■ Directions ■
Exactly those lines that run from the one containing "Some of the text" through the last line of the entries below should be printed, and no others.

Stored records
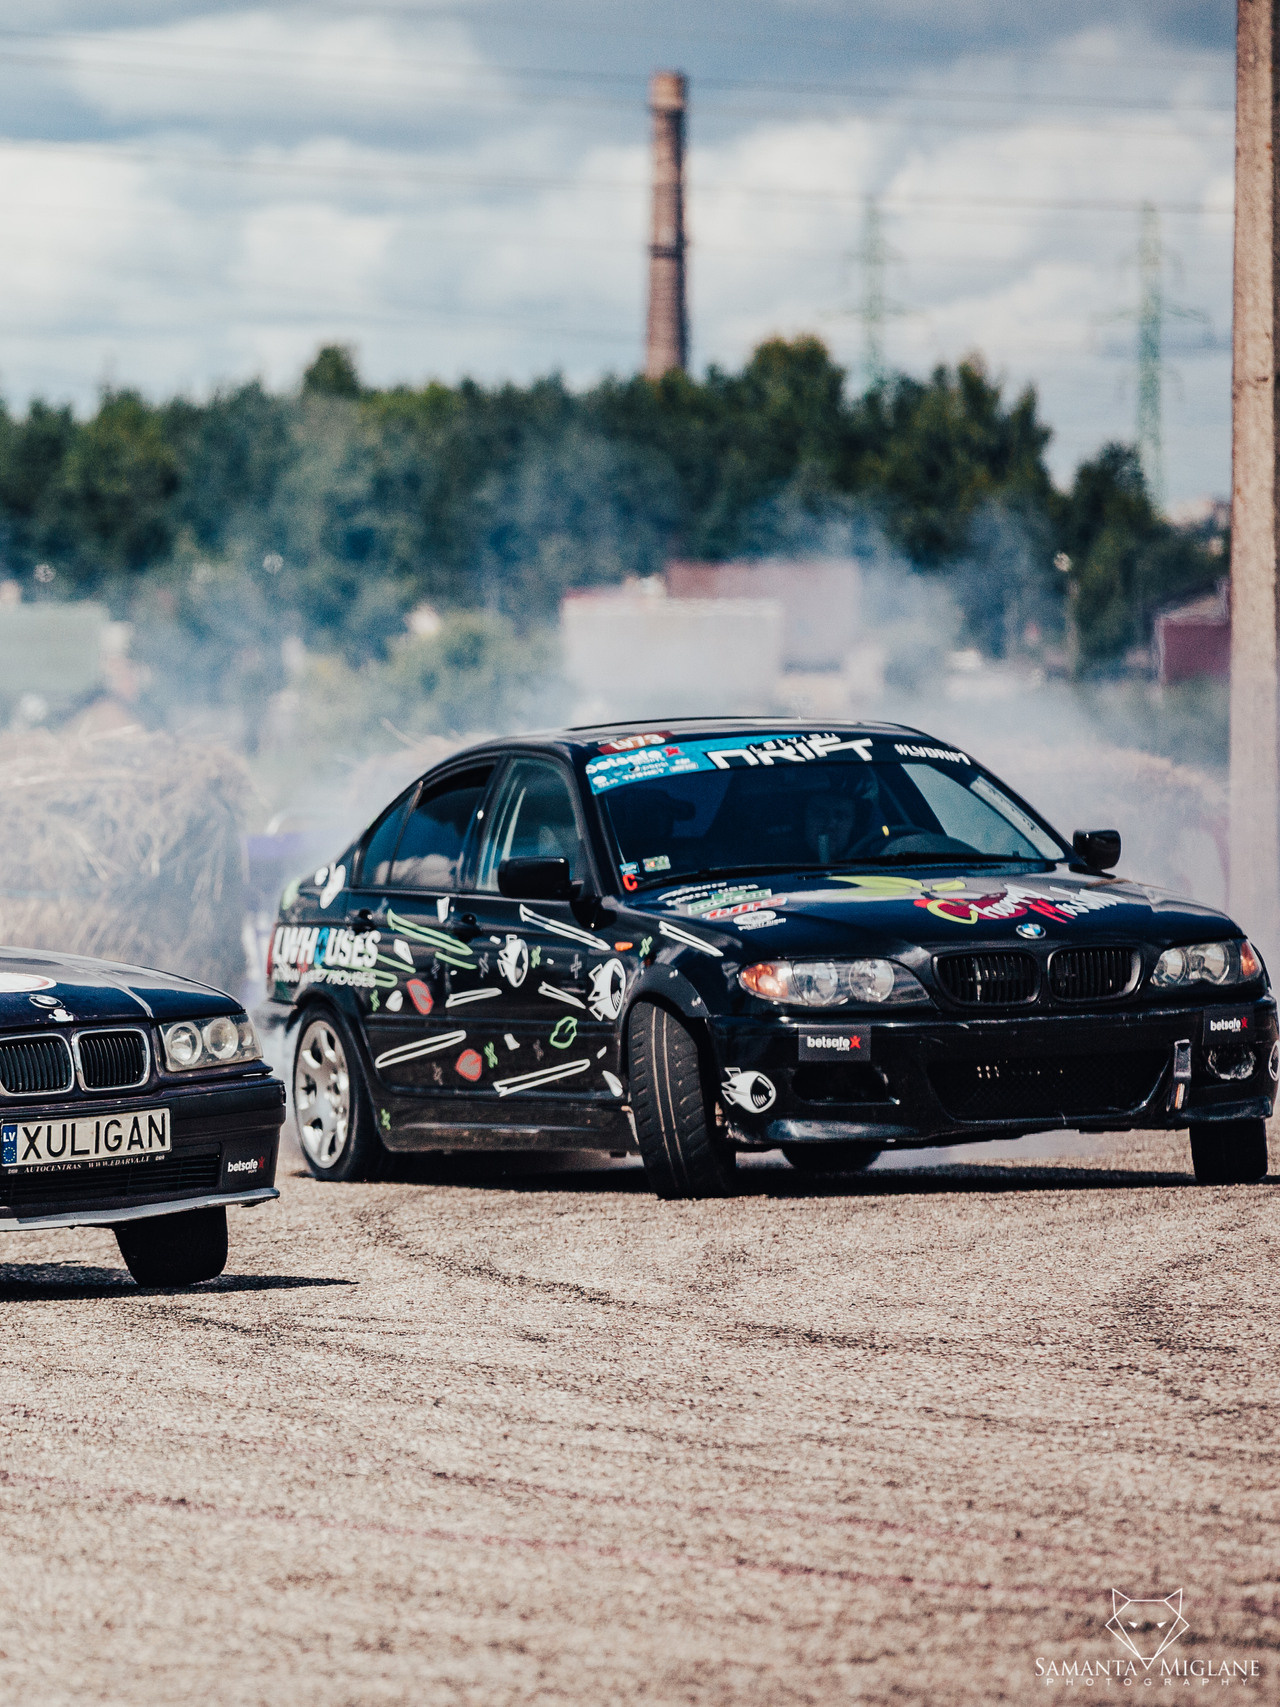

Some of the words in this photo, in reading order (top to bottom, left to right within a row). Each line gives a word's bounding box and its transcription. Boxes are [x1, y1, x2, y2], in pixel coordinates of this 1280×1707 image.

[1210, 1017, 1241, 1031] betsafe
[806, 1035, 851, 1048] betsafe
[3, 1132, 16, 1142] LV
[21, 1112, 167, 1161] XULIGAN
[24, 1163, 82, 1174] AUTOCENTRAS
[227, 1158, 258, 1173] betsafe
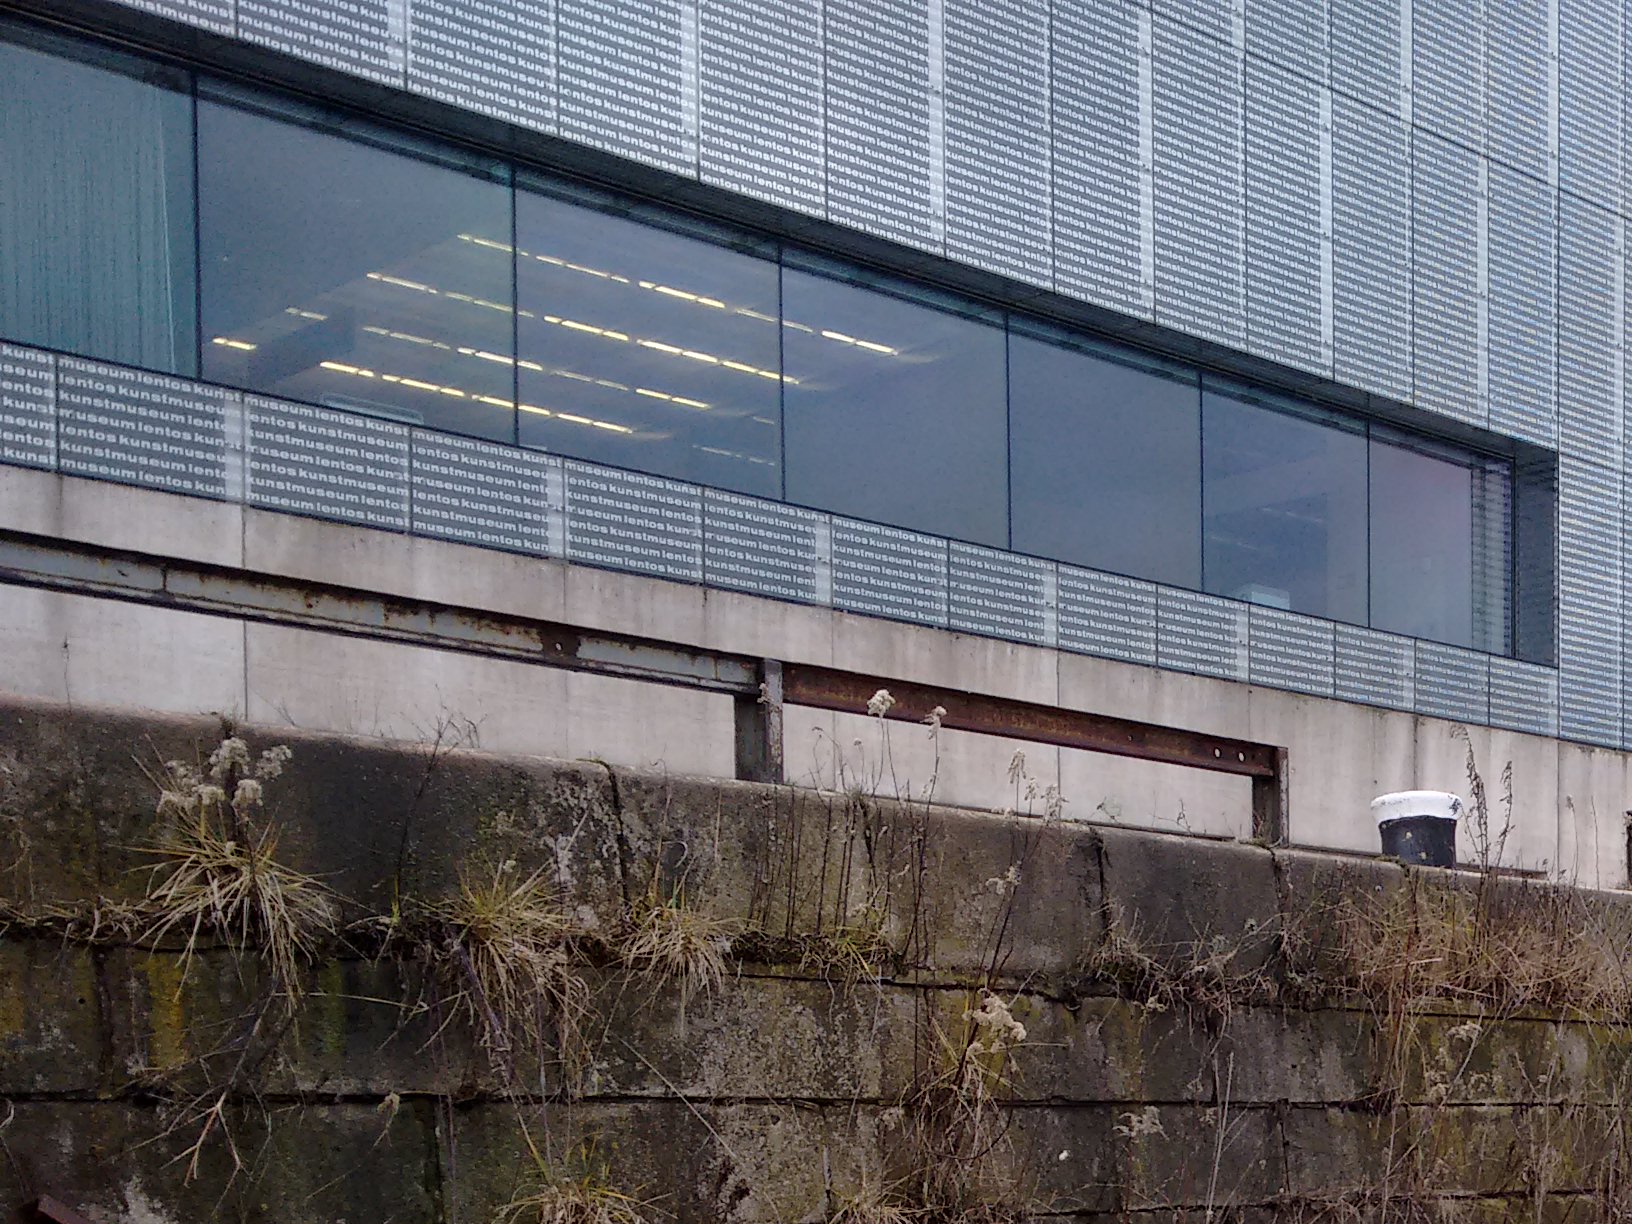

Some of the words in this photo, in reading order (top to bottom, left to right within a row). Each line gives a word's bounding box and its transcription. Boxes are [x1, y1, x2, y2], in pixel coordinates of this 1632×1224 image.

[59, 374, 115, 394] lentos
[137, 372, 191, 392] lentos
[59, 391, 184, 423] kunstmuseum
[316, 408, 364, 427] lentos
[60, 424, 116, 443] lentos
[138, 422, 192, 441] lentos
[299, 421, 408, 451] kunstmuseum
[61, 441, 185, 472] kunstmuseum
[361, 448, 408, 466] lentos
[413, 443, 459, 461] lentos
[477, 441, 520, 459] lentos
[317, 455, 364, 473] lentos
[413, 458, 515, 487] kunstmuseum
[139, 471, 192, 489] lentos
[300, 467, 409, 496] kunstmuseum
[362, 494, 409, 511] lentos
[413, 489, 459, 506] lentos
[477, 486, 521, 503] lentos
[317, 501, 365, 519] lentos
[414, 504, 516, 531] kunstmuseum
[478, 530, 522, 546] lentos
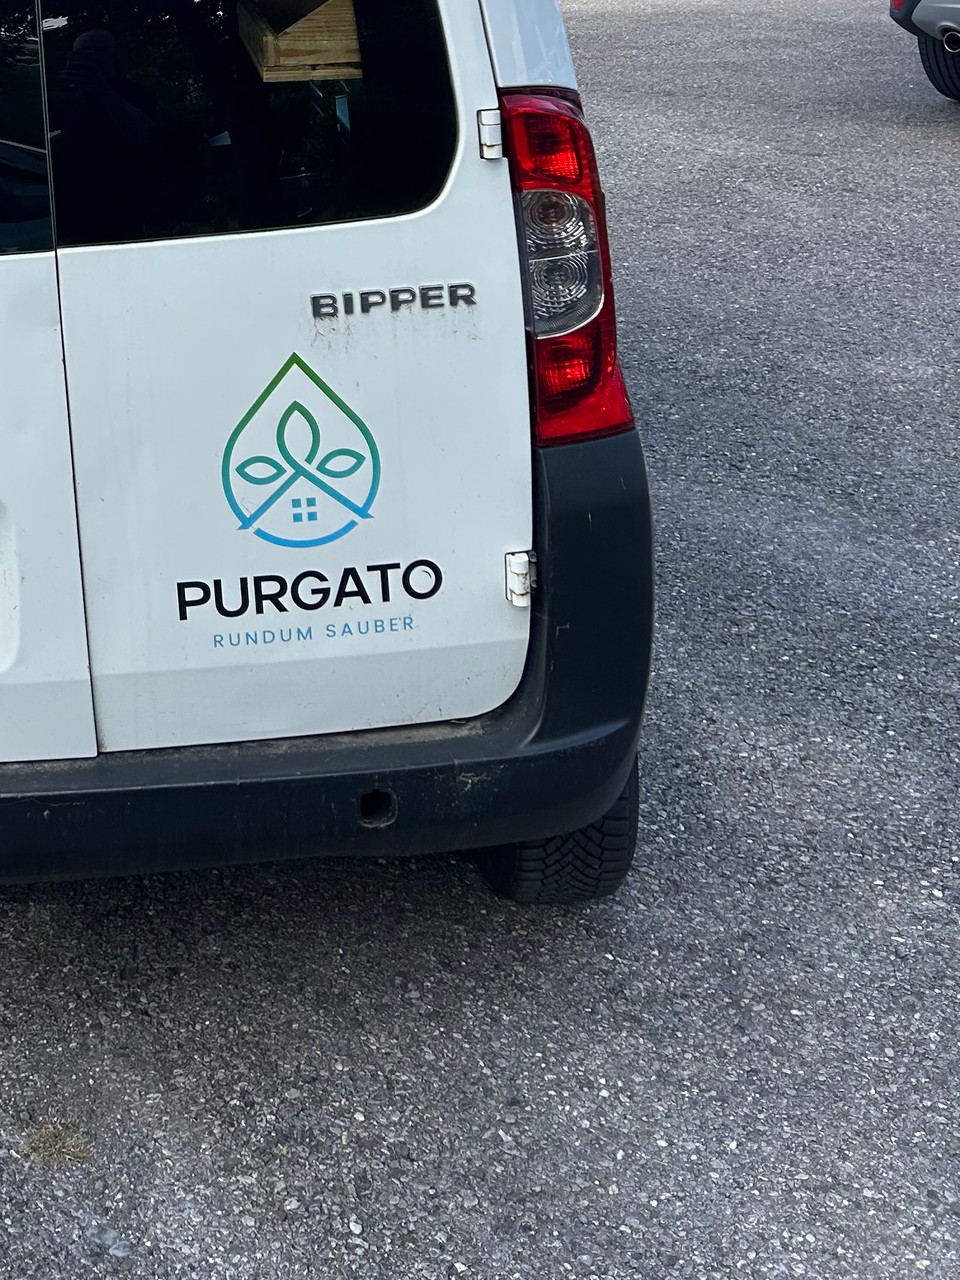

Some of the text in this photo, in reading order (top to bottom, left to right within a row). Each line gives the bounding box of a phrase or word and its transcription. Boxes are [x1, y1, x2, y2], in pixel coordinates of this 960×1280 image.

[310, 281, 477, 319] BIPPER
[176, 558, 443, 621] PURGATO
[213, 616, 415, 648] RUNDUM SAUBER

■ Written response ■
Some of the text in this photo, in reading order (top to bottom, left to right within a row). Each line gives the bounding box of a phrase or word and its transcription. Boxes are [x1, y1, x2, y2], in pixel coordinates of this 960×1280 image.

[310, 281, 477, 319] BIPPER
[176, 558, 443, 621] PURGATO
[213, 616, 415, 648] RUNDUM SAUBER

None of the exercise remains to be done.